DATA SECTION below:

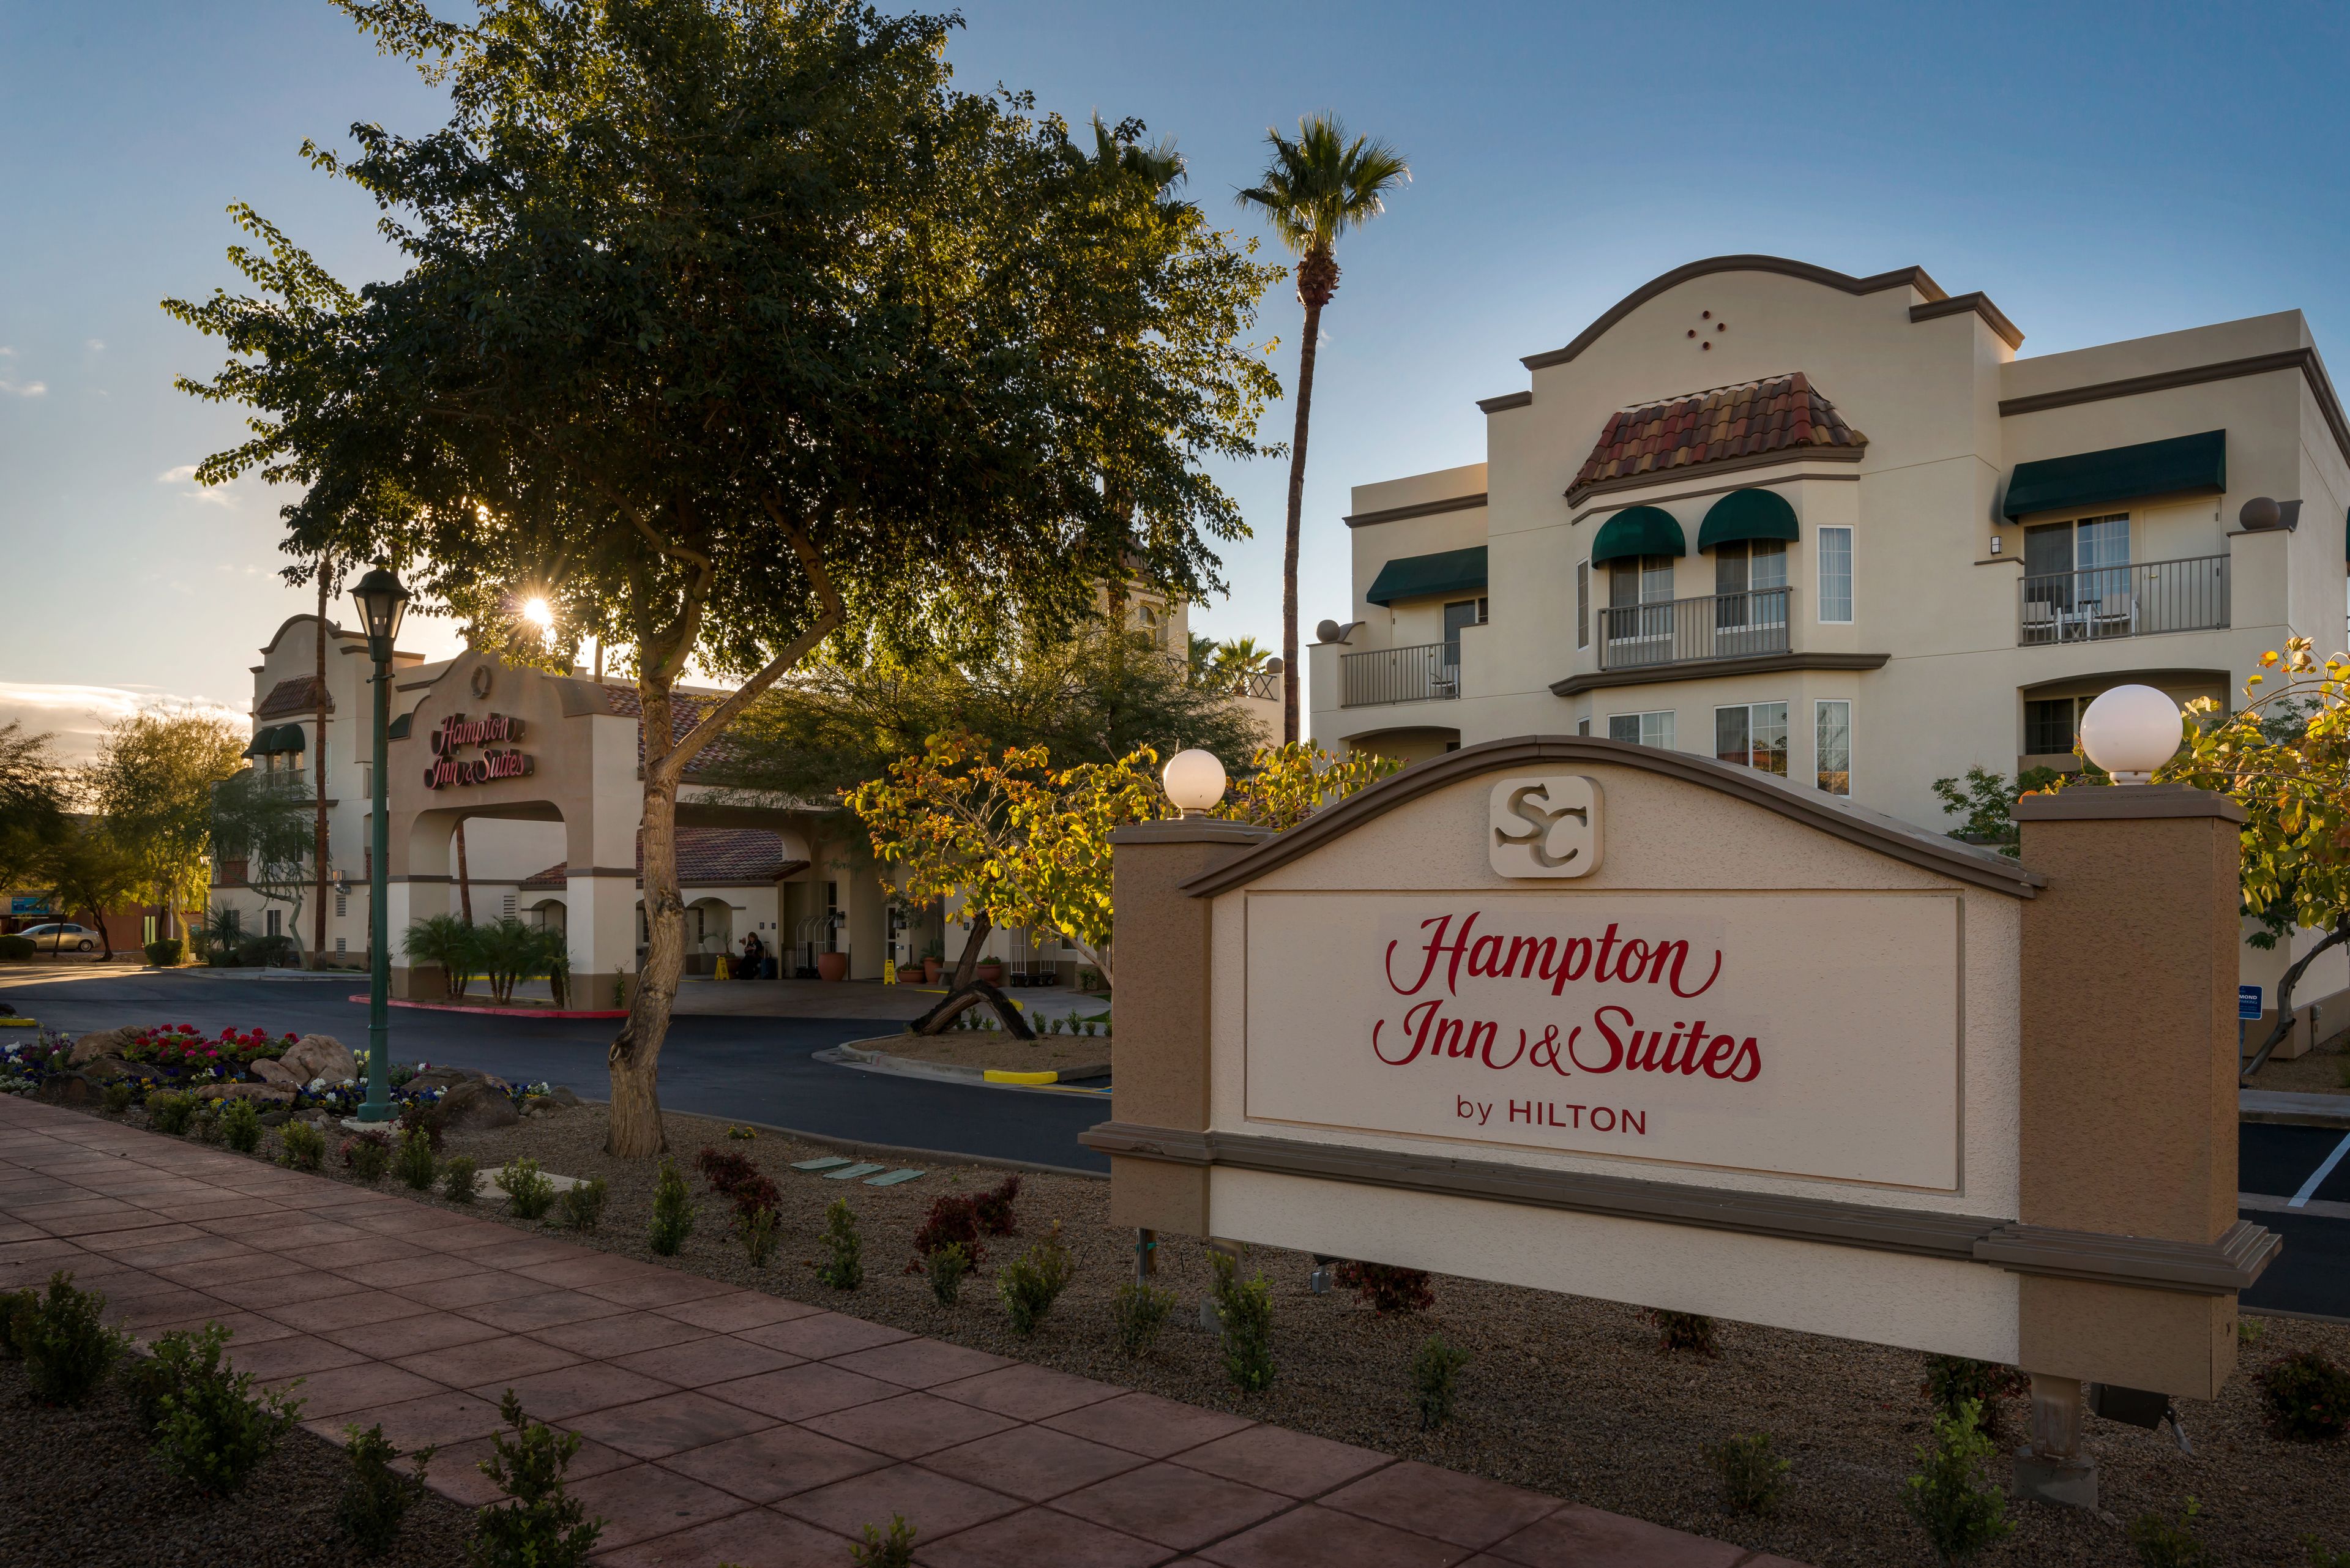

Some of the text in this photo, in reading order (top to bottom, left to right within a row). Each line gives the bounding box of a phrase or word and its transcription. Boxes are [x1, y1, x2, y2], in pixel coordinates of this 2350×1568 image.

[430, 713, 519, 756] Hampton
[423, 749, 524, 790] Inn & Suites
[1385, 911, 1722, 998] Hampton
[1373, 999, 1762, 1083] Inn & Suites
[1456, 1094, 1647, 1135] by HILTON
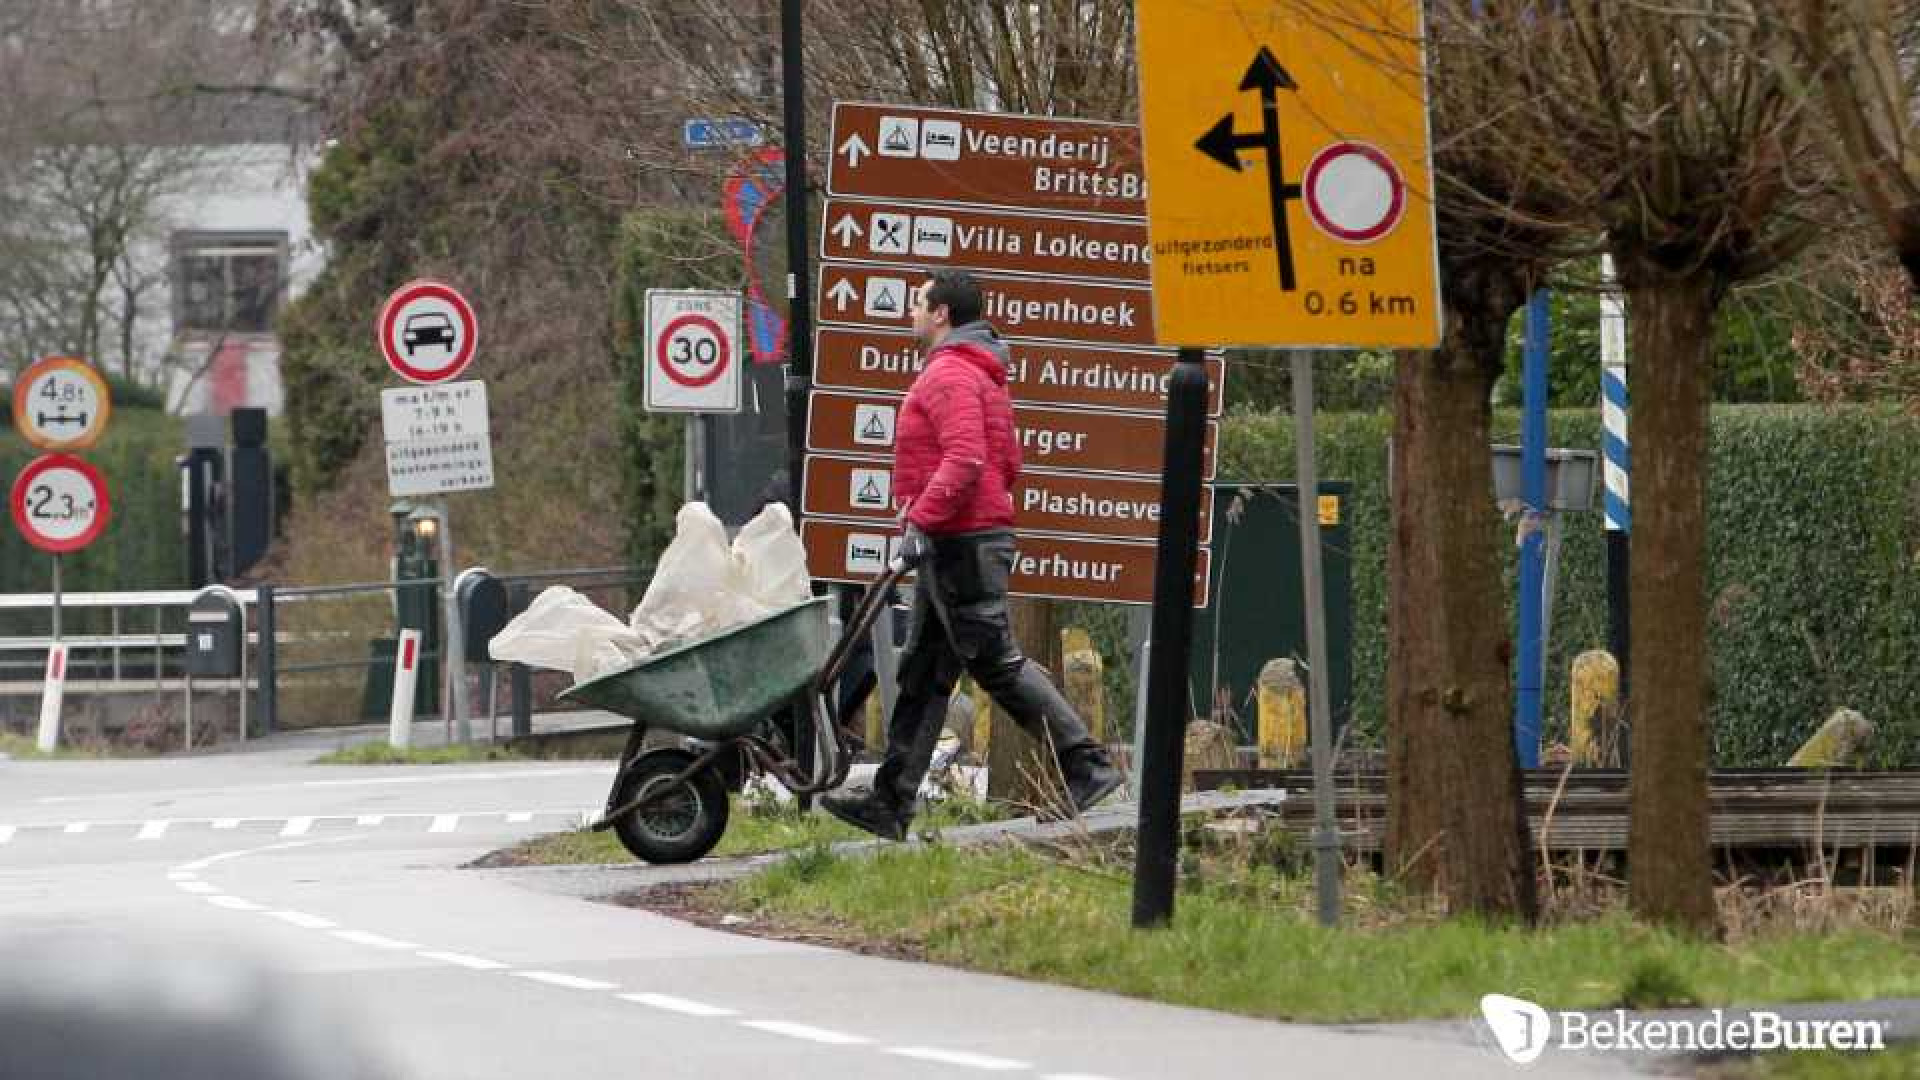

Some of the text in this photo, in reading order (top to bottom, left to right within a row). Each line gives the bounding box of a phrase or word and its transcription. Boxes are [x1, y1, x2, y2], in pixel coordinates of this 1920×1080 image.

[966, 129, 1109, 168] Veenderij
[956, 225, 1022, 254] Villa
[1155, 233, 1273, 256] uitgezonderd
[1184, 259, 1249, 276] fietsers
[1339, 257, 1376, 276] na
[985, 290, 1136, 328] ilgenhoek
[1304, 291, 1416, 316] 0.6 km
[671, 337, 717, 366] 30

End of DATA SECTION.

■ WHAT IS NEEDED
Output the records above character for character, but leave each image out.

■ EXPECTED ANSWER
Some of the text in this photo, in reading order (top to bottom, left to right within a row). Each line gives the bounding box of a phrase or word and its transcription. Boxes are [x1, y1, x2, y2], in pixel coordinates of this 2350×1568 image.

[430, 713, 519, 756] Hampton
[423, 749, 524, 790] Inn & Suites
[1385, 911, 1722, 998] Hampton
[1373, 999, 1762, 1083] Inn & Suites
[1456, 1094, 1647, 1135] by HILTON

Some of the text in this photo, in reading order (top to bottom, left to right within a row). Each line gives the bounding box of a phrase or word and its transcription. Boxes are [x1, y1, x2, y2], in pixel coordinates of this 1920×1080 image.

[966, 129, 1109, 168] Veenderij
[956, 225, 1022, 254] Villa
[1155, 233, 1273, 256] uitgezonderd
[1184, 259, 1249, 276] fietsers
[1339, 257, 1376, 276] na
[985, 290, 1136, 328] ilgenhoek
[1304, 291, 1416, 316] 0.6 km
[671, 337, 717, 366] 30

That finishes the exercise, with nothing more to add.